Friday, September 7, 2012

SEEING "RED"

We caught up with "Red," the play about the abstract expressionist painter Mark Rothko, in the last days of its run at the Mark Taper Forum in Los Angeles.  We had read about it at the time of its New York debut, and had regretted not having the opportunity to see it there.

I had mixed reactions.  Let me start with my main demurral: I have always understood drama to be driven by action, and this stage piece is driven by words.  They're good words, delivered with utterly convincing panache, but they're words.  The whole piece is a running argument between the two protagonists.  They do establish a relationship--indeed, an interesting and engrossing one.  There is "character" on both sides.  There is, in this sense, conflict.  But no action, unless you count perhaps the most engaging scene of the entire ninety minutes, in which the two men prime a canvas--in "red", of course!--in a beautifully choreographed dance that involves cadenced brush strokes in great, silent sweeps.

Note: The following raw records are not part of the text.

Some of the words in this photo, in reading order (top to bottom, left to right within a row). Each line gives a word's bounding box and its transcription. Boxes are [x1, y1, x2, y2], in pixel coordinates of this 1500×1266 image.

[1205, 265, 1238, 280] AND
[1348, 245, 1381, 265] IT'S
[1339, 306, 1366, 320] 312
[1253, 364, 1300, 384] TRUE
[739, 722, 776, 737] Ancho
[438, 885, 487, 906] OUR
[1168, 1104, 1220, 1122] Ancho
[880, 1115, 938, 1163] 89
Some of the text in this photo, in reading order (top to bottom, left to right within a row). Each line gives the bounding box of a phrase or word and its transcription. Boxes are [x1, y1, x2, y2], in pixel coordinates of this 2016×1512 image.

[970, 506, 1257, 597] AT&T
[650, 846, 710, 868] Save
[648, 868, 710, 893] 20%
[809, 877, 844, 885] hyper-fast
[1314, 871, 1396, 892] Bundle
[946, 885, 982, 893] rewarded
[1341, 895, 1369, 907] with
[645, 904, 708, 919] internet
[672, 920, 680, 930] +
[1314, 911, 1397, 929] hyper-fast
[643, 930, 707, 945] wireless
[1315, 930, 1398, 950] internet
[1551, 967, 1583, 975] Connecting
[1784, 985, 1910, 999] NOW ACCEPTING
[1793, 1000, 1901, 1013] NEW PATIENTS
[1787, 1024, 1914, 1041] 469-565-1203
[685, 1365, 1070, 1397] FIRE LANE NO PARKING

The truth of the matter is that I don't much go for talk-y things.  Talkiness about painting, as Rothko himself might be the first to say, is almost beside the point.  Particularly about this kind of painting, which is about the intuitive gesture, raw and powerful in its spontaneity.  Still, it was pretty emotional talk, about anger, fear, and death, both the fear and the dreadful attraction of death; about the play between the Apollonian and the Dionysian, order and chaos, the light side and the dark; about the old and the young; about the battle between heart and head, between sound and silence, between putting it all out there and bottling it all up.

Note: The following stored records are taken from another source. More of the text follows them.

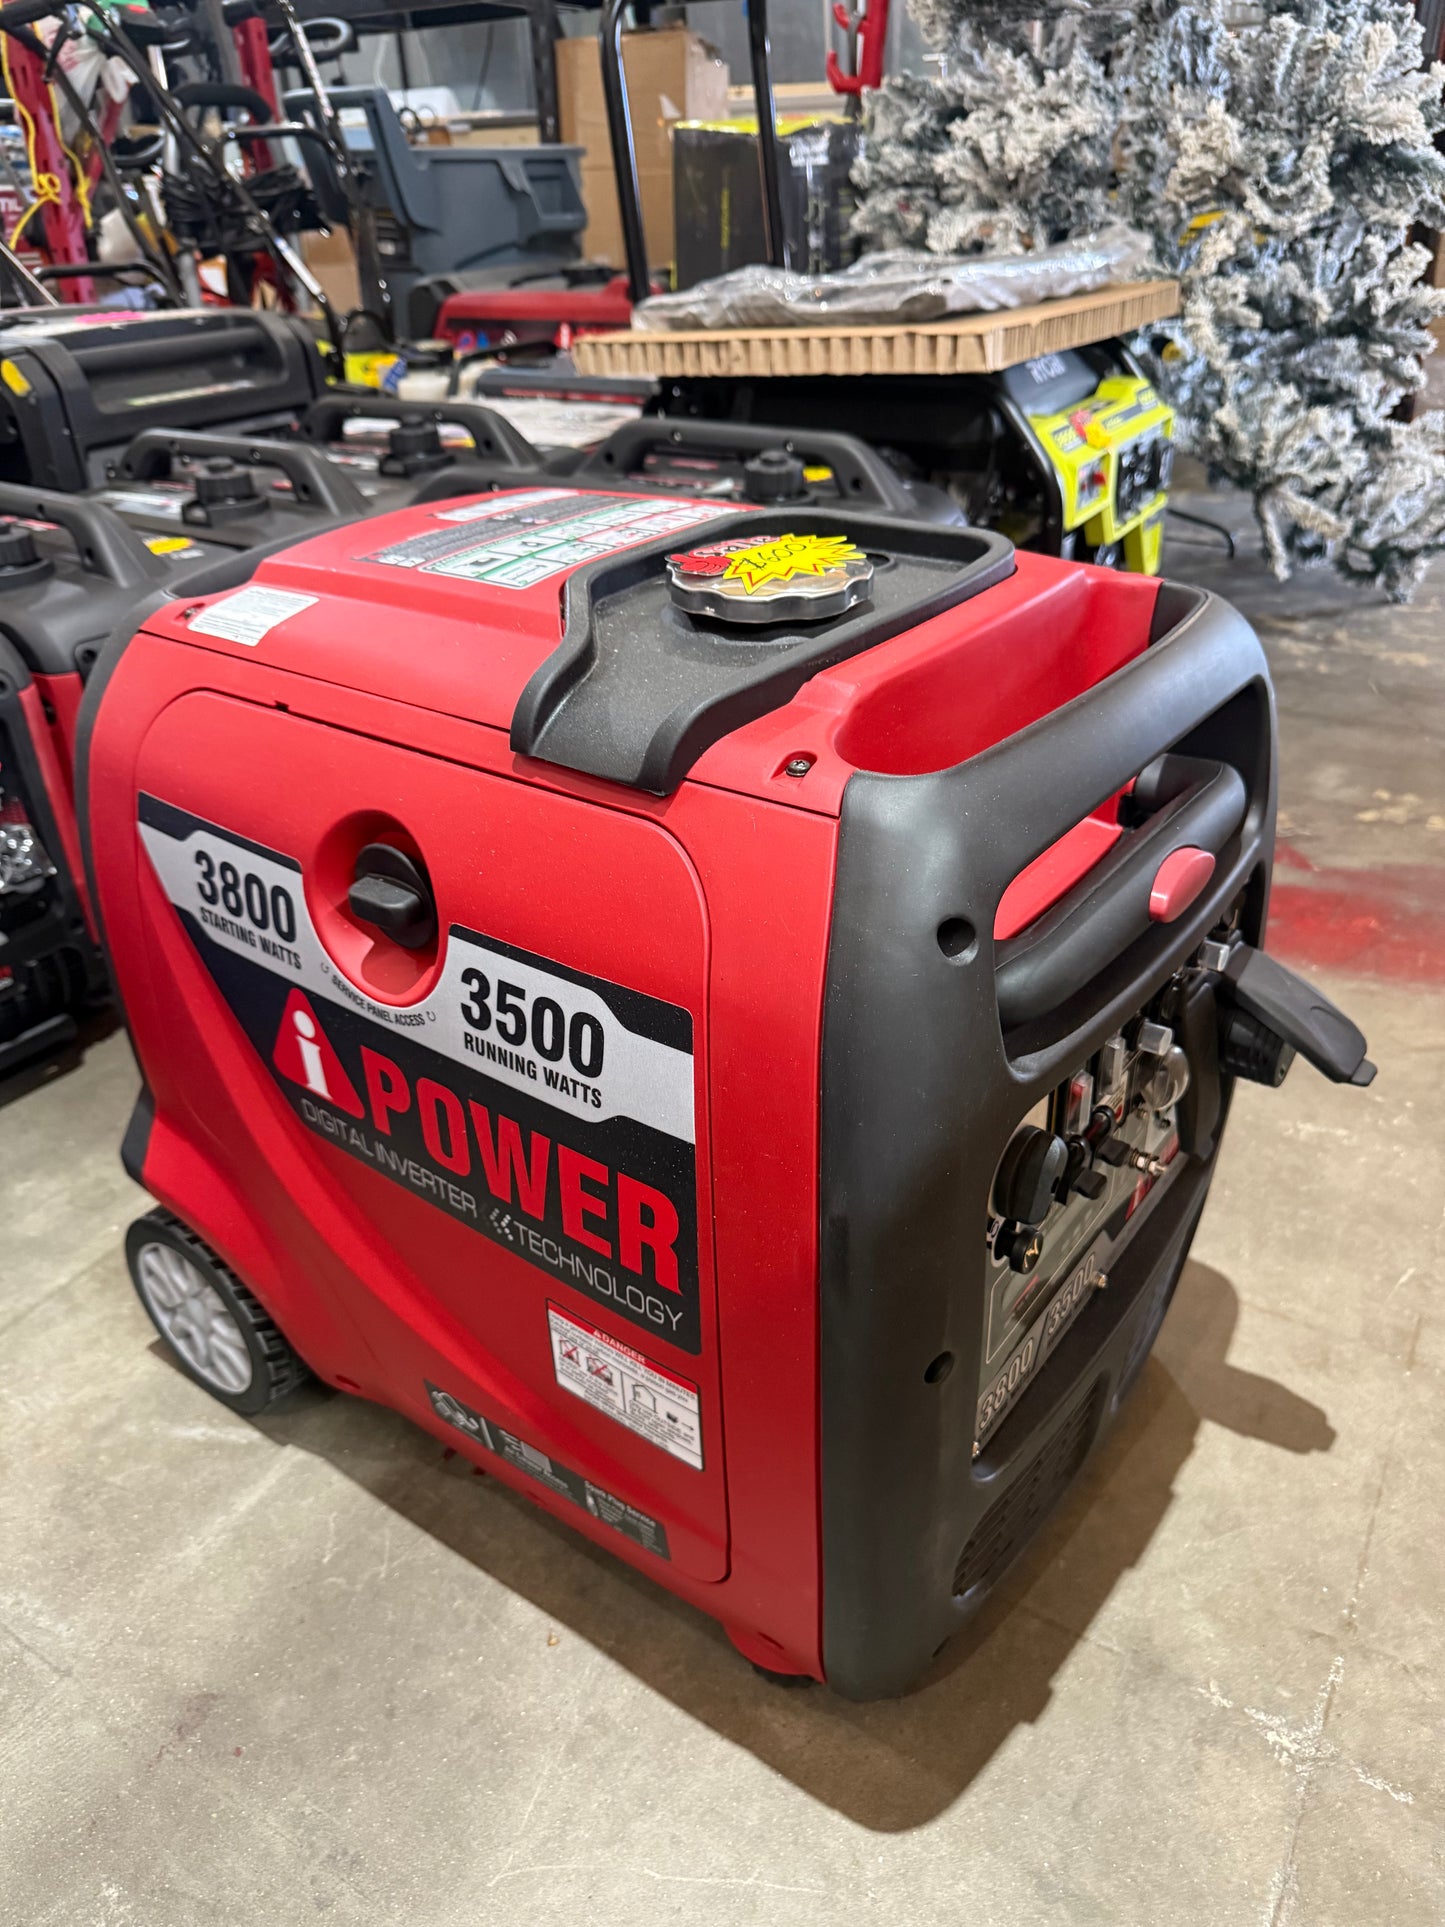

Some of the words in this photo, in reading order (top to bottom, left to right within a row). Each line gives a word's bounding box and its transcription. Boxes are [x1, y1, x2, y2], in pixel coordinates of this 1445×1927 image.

[195, 850, 296, 943] 3800
[200, 907, 257, 948] STARTING
[259, 935, 302, 970] WATTS
[332, 975, 366, 1009] SERVICE
[367, 1003, 394, 1023] PANEL
[394, 1014, 426, 1027] ACCESS
[461, 967, 604, 1079] 3500
[464, 1032, 537, 1081] RUNNING
[544, 1066, 602, 1109] WATTS
[301, 1099, 374, 1156] DIGITAL
[377, 1140, 478, 1218] INVERTER
[513, 1221, 683, 1332] TECHNOLOGY
[1048, 1252, 1095, 1336] 3500
[602, 1333, 646, 1364] DANGER
[979, 1337, 1034, 1430] 3800

There was also the shadow of tragedy that overhung the stage.  In part, it was that the audience brought along the historical memory of Rothko's eventual suicide, adumbrated in several poignant moments on the stage; in part in his young assistant's backstory, the still vivid memory of having come upon, at the age of seven, his murdered parents in their bedroom in a pool of blood.  There was the tragedy, too, of the old guard dying, necessarily, to make space for the new.  In the figure of Rothko we saw the approaching death of modernism in art, the death of the artist-as-hero tradition, larger than life and given to grand gestures of protest against the universe--or an unkind world.  Succeeding generations have seemed small by comparison, engaged in smaller battles with the social context and the world.

Here's what I liked best about the play: Rothko's constant refrain, from the first moment of the play until  its very last.  What do you see?  He kept asking it and asking it and asking it, never satisfied with the answer--or never satisfied with one answer, or the first.  The "fourth wall" of the stage was lined with paintings that we clearly never saw--they were us, the audience--and the pair kept staring out at them, in constant dialogue with the unseen "seen."  What do you see?  Look again, look better, look more closely.  Now what do you see?  I kept thinking of my "One Hour/One Painting" sessions, which end on the note that there is always more to see, always something we have missed.

So despite the lack of action, there was plenty of (red?) meat here, plenty to chew on and, eventually, digest.  Kudos, too, to Alfred Molina and Jonathan Groff for bravura performances.